» **ABOUT THIS TASK**: Please reproduce the following records exactly, with nothing omitted.

» **DATA FOR REVIEW**:

^^^^^^^^^^^^^^^^

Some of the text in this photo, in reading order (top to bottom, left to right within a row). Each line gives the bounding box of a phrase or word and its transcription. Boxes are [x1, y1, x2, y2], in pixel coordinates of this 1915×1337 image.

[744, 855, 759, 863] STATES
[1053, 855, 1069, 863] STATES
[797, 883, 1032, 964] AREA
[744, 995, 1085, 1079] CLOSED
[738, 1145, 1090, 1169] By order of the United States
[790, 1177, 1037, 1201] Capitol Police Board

^^^^^^^^^^^^^^^^

» **TASK OUTPUT**:
Some of the text in this photo, in reading order (top to bottom, left to right within a row). Each line gives the bounding box of a phrase or word and its transcription. Boxes are [x1, y1, x2, y2], in pixel coordinates of this 1915×1337 image.

[744, 855, 759, 863] STATES
[1053, 855, 1069, 863] STATES
[797, 883, 1032, 964] AREA
[744, 995, 1085, 1079] CLOSED
[738, 1145, 1090, 1169] By order of the United States
[790, 1177, 1037, 1201] Capitol Police Board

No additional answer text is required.